Fulop announced the new policy outside of Jersey City Hall, flanked by two transgender women – longtime activist Barbra “Babs” Siperstein and Garden State Equality executive director Andrea Bowen. Fulop said the policy arose from a conversation with the activists about changes they would like to see.

Siperstein said: “This is a special day, and as a Jersey City native, it is great to be back in Jersey City.”

Siperstein said that covering the services shows respect for the fact that transgender people’s lives are similar to those of others.

“It’s all about respect -- and transgender people, we live the same lives,” she said. “I’m a parent and grandparent. Why can’t we have respect?”

Fulop cited statistics that two in 10 transgender people have been refused healthcare, and one in three face significant delays in getting medical attention.

“If there is a valid reason for keeping things this way, I don’t think any of us have heard it, so today we are going to change that,” Fulop said. “As a mayor, I am proud of this new policy, and as a human being, I am certainly standing a little taller today.”

He added, “the fight for transgender rights is not done. In many ways it is just beginning. There will be more new policies, more education, more change to come. And after all that there still will be holdouts, people for whom the mention of transgender issues will always be uncomfortable.”

“Today, however, at least we are declaring for government in Jersey City, and hopefully the message goes far beyond this, we stand on this issue very tall. Government doesn’t exist to make us comfortable, it exists to let us be us.”

Bowen said that while the state is a national leader in protections for lesbian, gay, bisexual, and transgender people, “we’re shockingly lacking in provision of healthcare for trans people.”

She said that before her transition, “I had sort-of an existential cloud over my head. I knew I was a woman but I was living as a guy, and I sort-of felt myself slowly crumbling.”

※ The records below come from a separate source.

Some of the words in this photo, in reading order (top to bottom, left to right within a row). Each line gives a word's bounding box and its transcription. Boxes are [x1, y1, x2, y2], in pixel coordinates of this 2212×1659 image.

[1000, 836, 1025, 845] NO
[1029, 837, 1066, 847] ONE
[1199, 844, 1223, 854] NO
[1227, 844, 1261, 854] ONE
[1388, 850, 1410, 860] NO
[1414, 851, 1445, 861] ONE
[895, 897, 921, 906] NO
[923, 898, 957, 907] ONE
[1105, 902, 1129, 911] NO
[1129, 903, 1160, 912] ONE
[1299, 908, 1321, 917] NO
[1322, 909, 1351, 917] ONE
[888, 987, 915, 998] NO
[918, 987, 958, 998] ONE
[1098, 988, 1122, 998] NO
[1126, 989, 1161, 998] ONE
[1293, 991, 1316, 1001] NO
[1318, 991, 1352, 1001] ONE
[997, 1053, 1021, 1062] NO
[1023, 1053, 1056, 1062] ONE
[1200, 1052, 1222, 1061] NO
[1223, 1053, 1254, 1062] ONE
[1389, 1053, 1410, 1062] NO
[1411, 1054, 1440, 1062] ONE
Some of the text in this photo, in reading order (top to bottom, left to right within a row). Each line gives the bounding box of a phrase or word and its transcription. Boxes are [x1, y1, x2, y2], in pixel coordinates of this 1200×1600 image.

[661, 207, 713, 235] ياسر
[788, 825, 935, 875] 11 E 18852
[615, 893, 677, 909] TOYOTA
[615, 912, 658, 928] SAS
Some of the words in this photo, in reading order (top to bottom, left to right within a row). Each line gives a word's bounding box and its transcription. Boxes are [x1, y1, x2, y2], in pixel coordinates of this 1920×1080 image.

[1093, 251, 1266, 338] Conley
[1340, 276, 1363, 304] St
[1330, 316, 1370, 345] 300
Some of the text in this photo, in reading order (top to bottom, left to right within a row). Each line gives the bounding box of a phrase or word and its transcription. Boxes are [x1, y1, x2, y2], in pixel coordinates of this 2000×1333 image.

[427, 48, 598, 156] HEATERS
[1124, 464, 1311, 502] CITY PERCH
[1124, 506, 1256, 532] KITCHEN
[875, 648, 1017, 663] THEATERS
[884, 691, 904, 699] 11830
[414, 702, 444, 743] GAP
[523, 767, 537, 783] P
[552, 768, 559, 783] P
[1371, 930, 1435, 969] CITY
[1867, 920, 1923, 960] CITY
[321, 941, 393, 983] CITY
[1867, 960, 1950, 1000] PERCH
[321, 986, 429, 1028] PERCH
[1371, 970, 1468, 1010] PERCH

“It was when I was able to get this kind of healthcare, this transition-related care, being able to go on hormones, being able to make my body look as I wanted it to look, I began to feel like the happier, fullest version of me,” Bowen said.

Bowen noted studies that indicate transgender people have better mental-health outcomes, including lower rates of suicide.

She condemned a state policy that excluded gender reassignment from individual health plans, including both those sold in the federally operated marketplace created through the Affordable Care Act, and those sold outside of the marketplace. This policy would be reversed for the ACA plans if a federal draft policy barring categorical denials of transition services is adopted.

“It’s wildly unfair,” Bowen said. “It will probably be illegal before too long.”

Bowen said her own New Jersey-based health insurance policy excluded transition-related care. But her doctor submitted the claim for her hormone medication under a code for other healthcare services.

“Not all doctors know how to do this, or know that that’s what should be done,” she said.